Der Junge erkannte, dass die meisten Menschen aus einem Grundgefühl der Angst leben und erkannte dieses Grundgefühl auch in sich selbst. Unterschwellig, im Hintergrund, war überall Angst. Angst, nicht mehr dazuzugehören; Angst, den Job zu verlieren; Angst, die eigene Meinung zu sagen; Angst, ausgelacht zu werden; Angst, für einen schlechten Menschen gehalten zu werden; Angst, nicht mehr genug zu haben; Angst, nicht geliebt zu werden; Angst, Angst, Angst, überall Angst. Wovor haben wir alle solche Angst, das fragte sich der Junge. Denn überall um ihn herum sah er Menschen, die Dinge taten, über die sie hinter vorgehaltener Hand selbst schimpften. Niemand wollte es, und doch machten alle mit. Das taten die Menschen aus Angst, das hatte der Junge inzwischen verstanden. Doch er hatte noch nicht verstanden, woher die Angst kam.
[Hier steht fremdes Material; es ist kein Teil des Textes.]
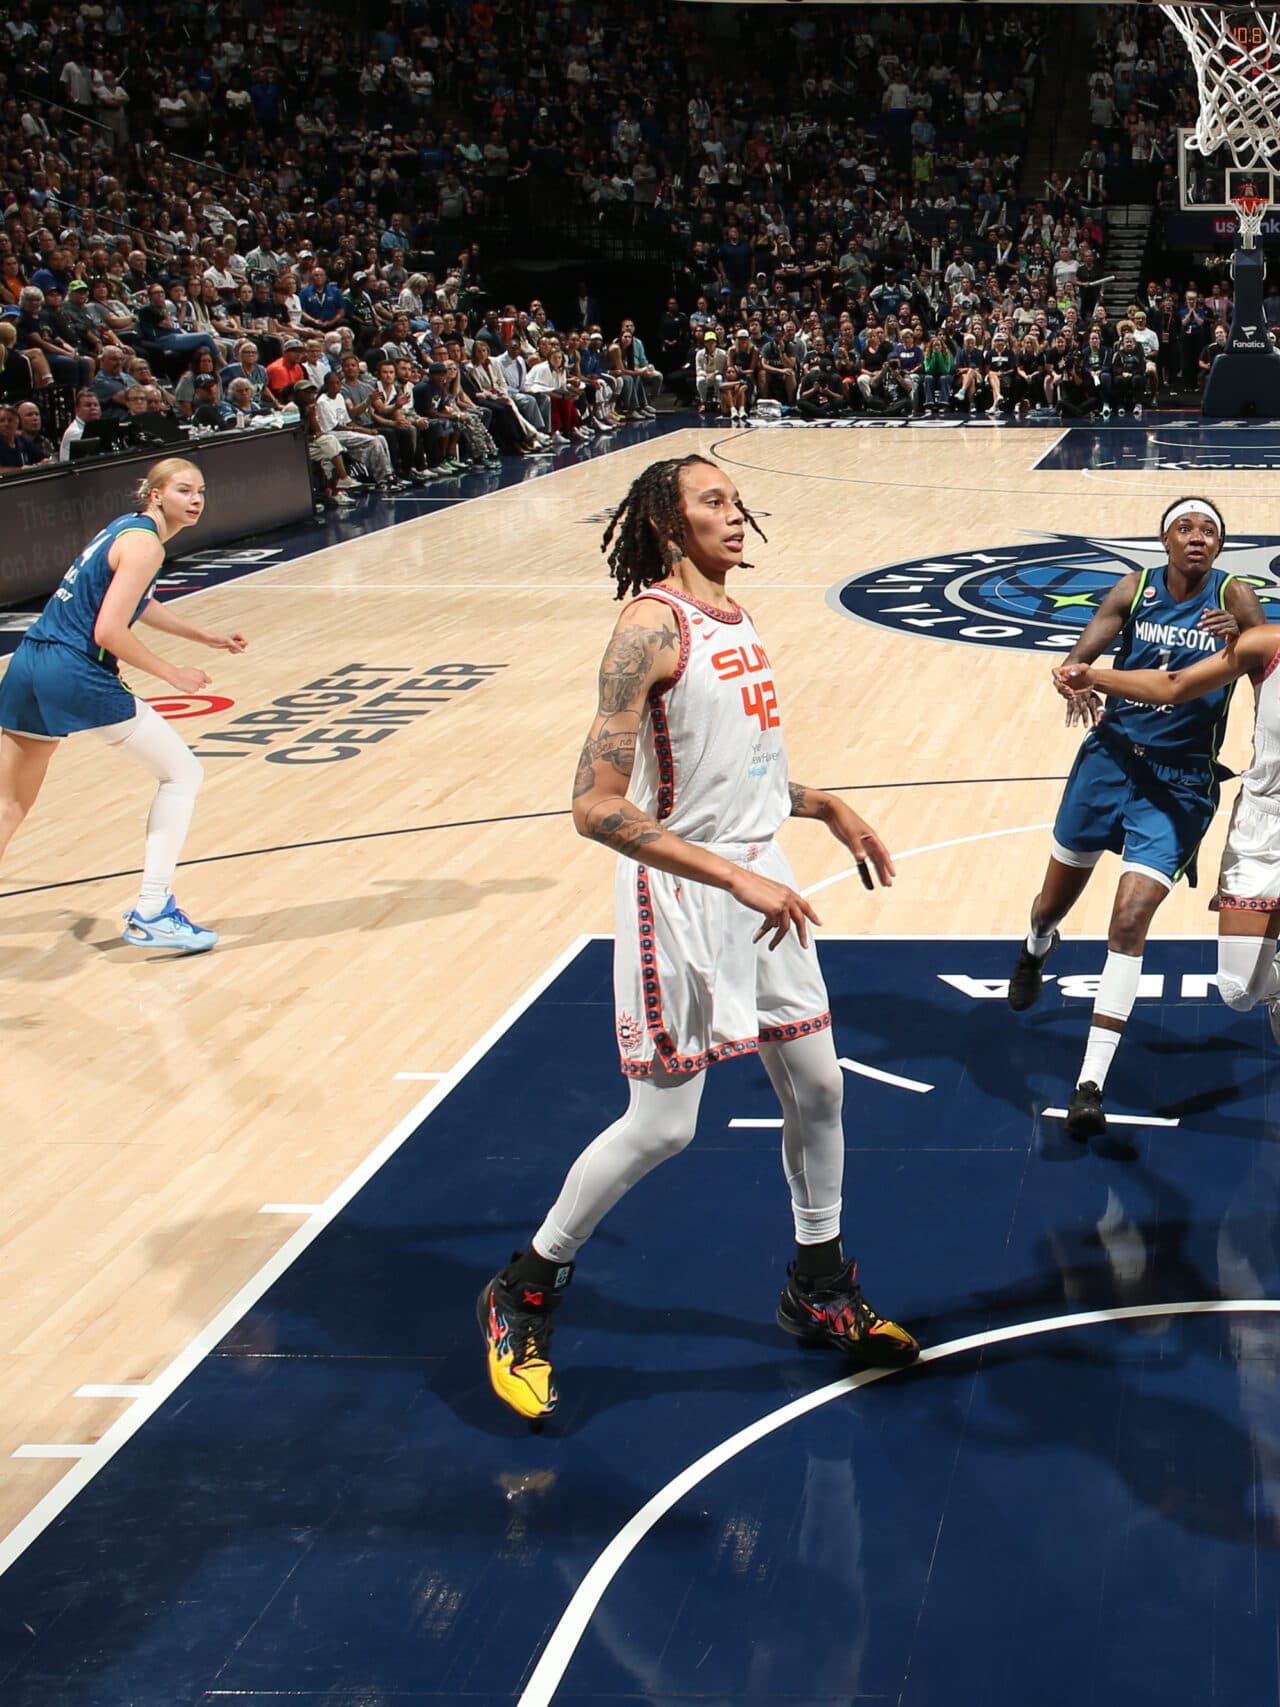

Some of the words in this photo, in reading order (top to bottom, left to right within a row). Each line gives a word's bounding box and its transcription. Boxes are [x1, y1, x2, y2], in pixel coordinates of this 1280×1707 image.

[1232, 339, 1265, 349] Fanatics
[866, 553, 1019, 593] LYNX
[1135, 620, 1217, 652] MINNESOTA
[264, 663, 510, 765] CENTER
[741, 680, 780, 732] 42
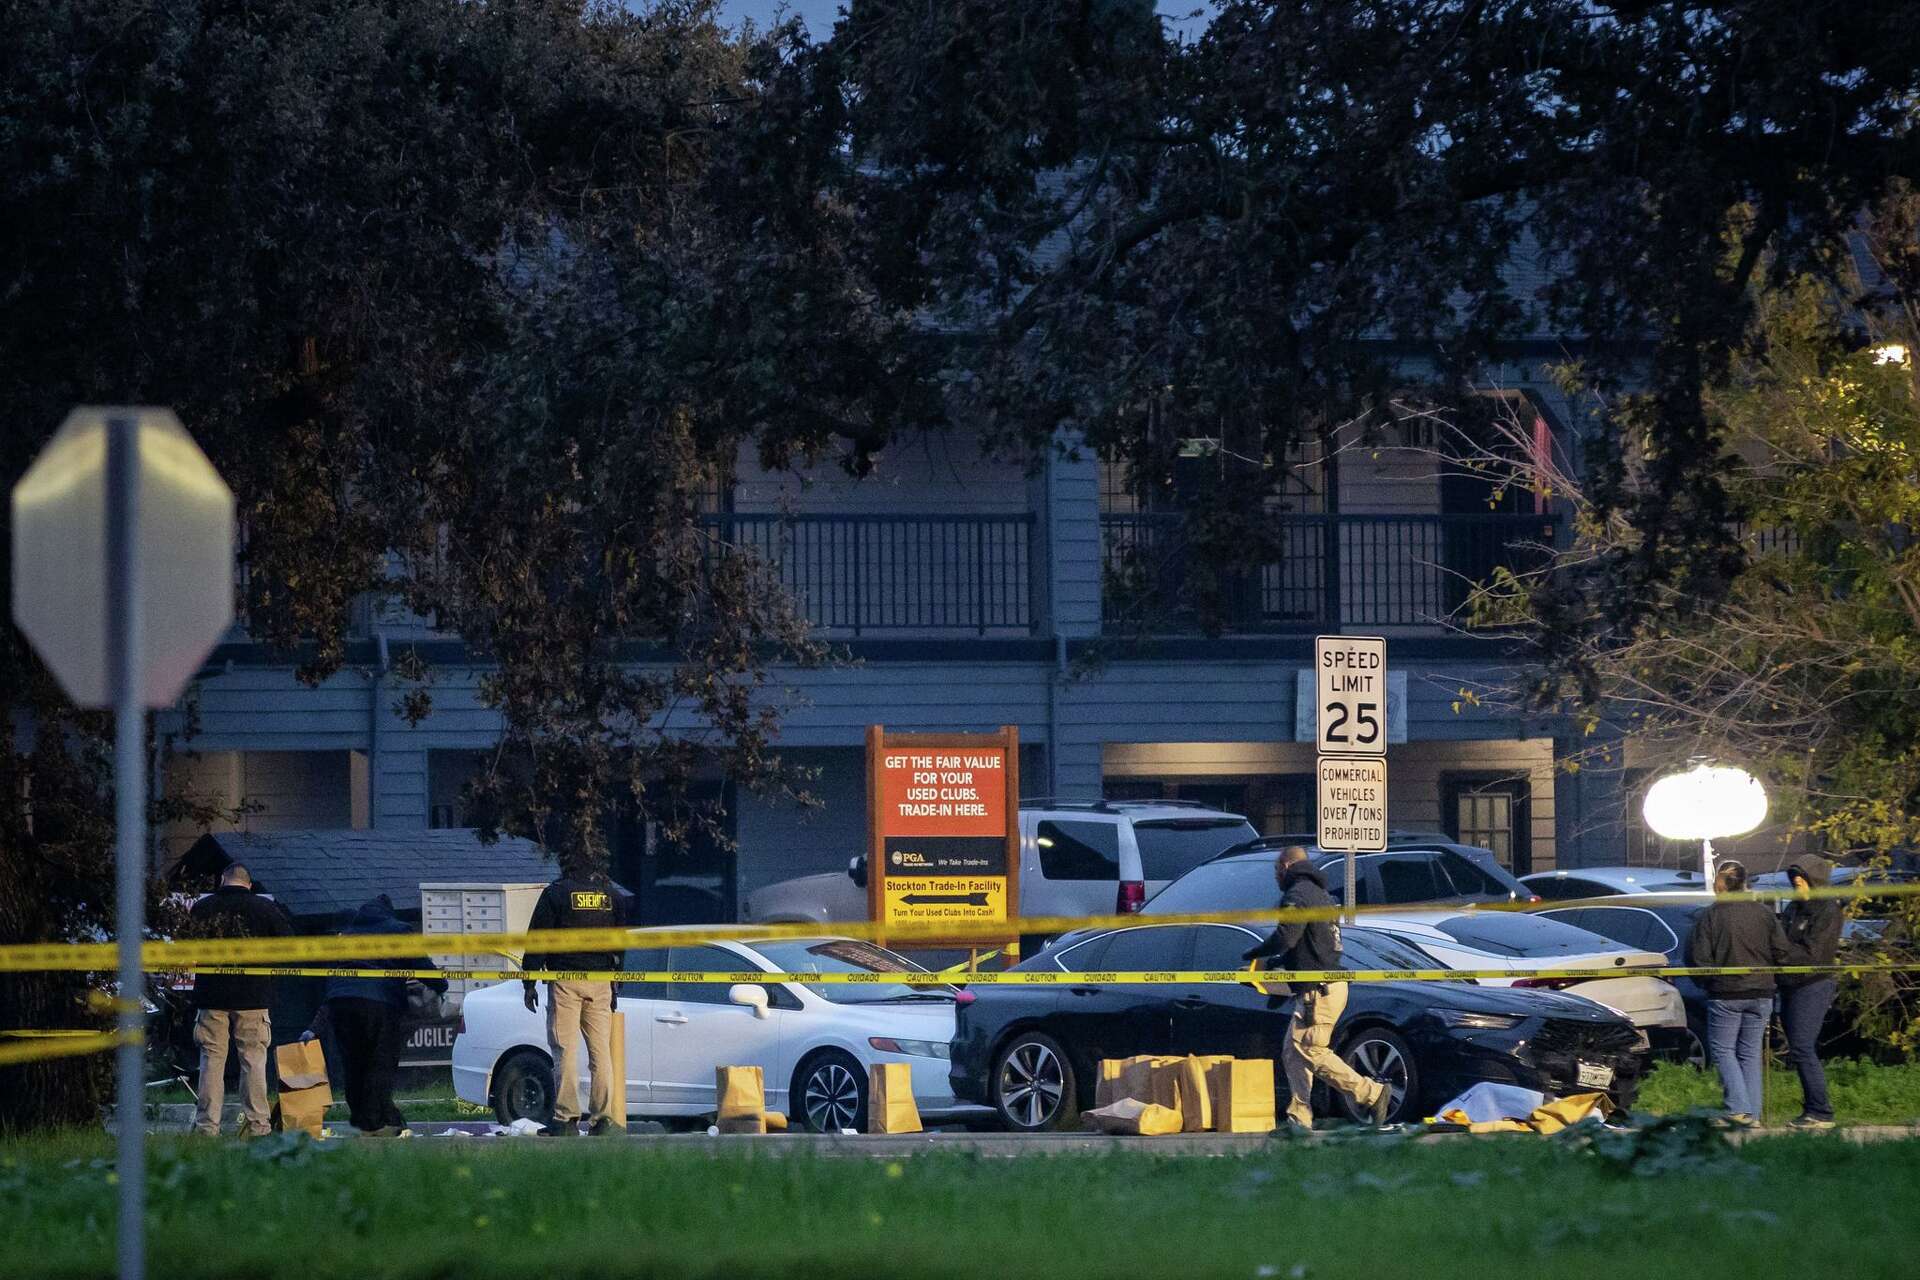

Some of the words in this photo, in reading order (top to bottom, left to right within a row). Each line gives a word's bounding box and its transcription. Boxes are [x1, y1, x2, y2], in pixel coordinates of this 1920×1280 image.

Er grübelte viel darüber nach und dann lernte er jemanden kennen, der es ihm erklärte. Das war ein alter Mann, der trotz seines Alters voller Energie und Lebensfreude war. Und dieser alte Mann erklärte dem Jungen, dass die Angst daher kommt, dass die Menschen sich selbst nicht verstehen. Er erklärte und zeigte ihm, dass diejenigen Menschen, die sich selbst gut genug verstehen, ihre Angst verlieren. Diese angstfreien Menschen können dann so leben, wie sie wirklich wollen, und machen nicht mehr aus Angst Dinge, die sie selbst falsch finden. Wer keine Angst mehr hat, der kann sich und andere glücklich machen, das verstand der Junge. Und da verstand er schließlich auch, dass es zwar keine Ritter mehr gibt, ihre Werte aber gerade deswegen nun umso wichtiger sind. Dann machte er sich an die Arbeit.